• TASK GOAL
What you return must match the records below exactly, apart from the omitted pictures.

BEGIN

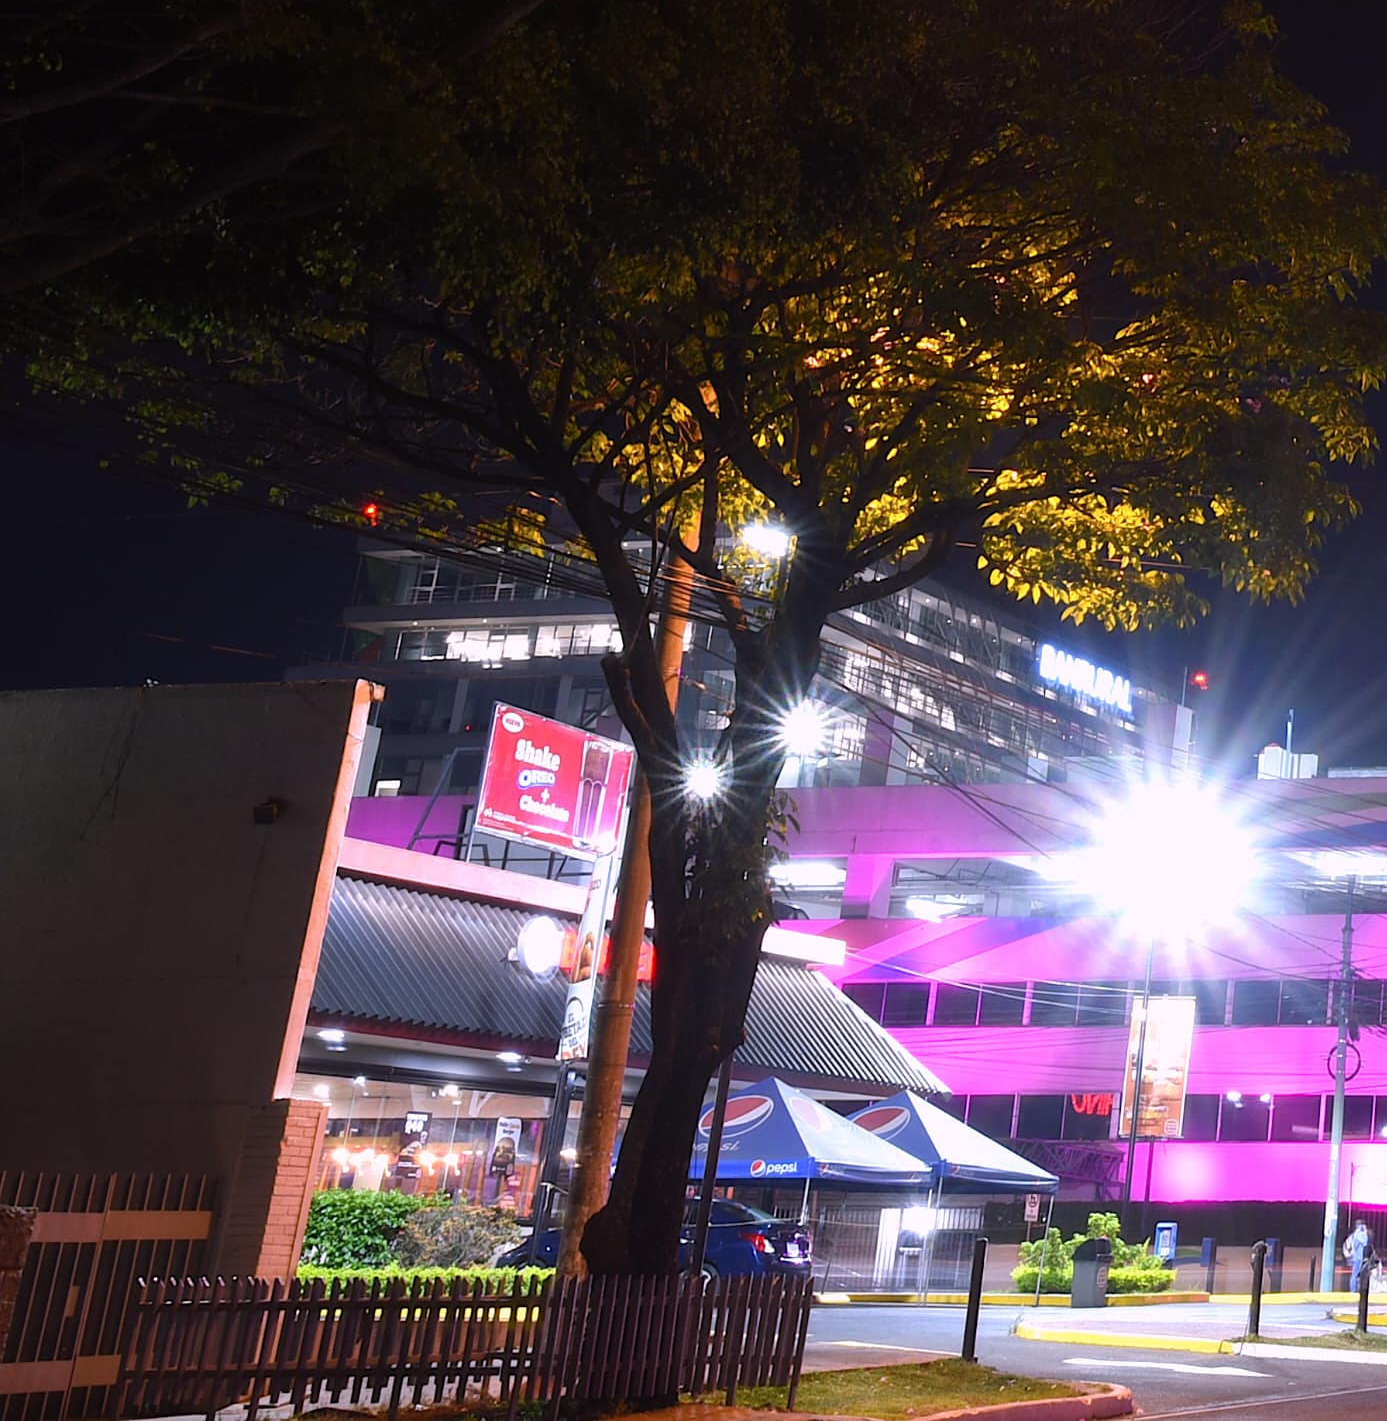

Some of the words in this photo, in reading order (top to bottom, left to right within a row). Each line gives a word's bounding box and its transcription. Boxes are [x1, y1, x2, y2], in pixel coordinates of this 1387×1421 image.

[515, 738, 561, 772] Shake
[517, 768, 556, 788] OREO
[519, 794, 569, 823] Chocolate
[766, 1161, 798, 1175] pepsi

END

• TASK RESULT
Some of the words in this photo, in reading order (top to bottom, left to right within a row). Each line gives a word's bounding box and its transcription. Boxes are [x1, y1, x2, y2], in pixel coordinates of this 1387×1421 image.

[515, 738, 561, 772] Shake
[517, 768, 556, 788] OREO
[519, 794, 569, 823] Chocolate
[766, 1161, 798, 1175] pepsi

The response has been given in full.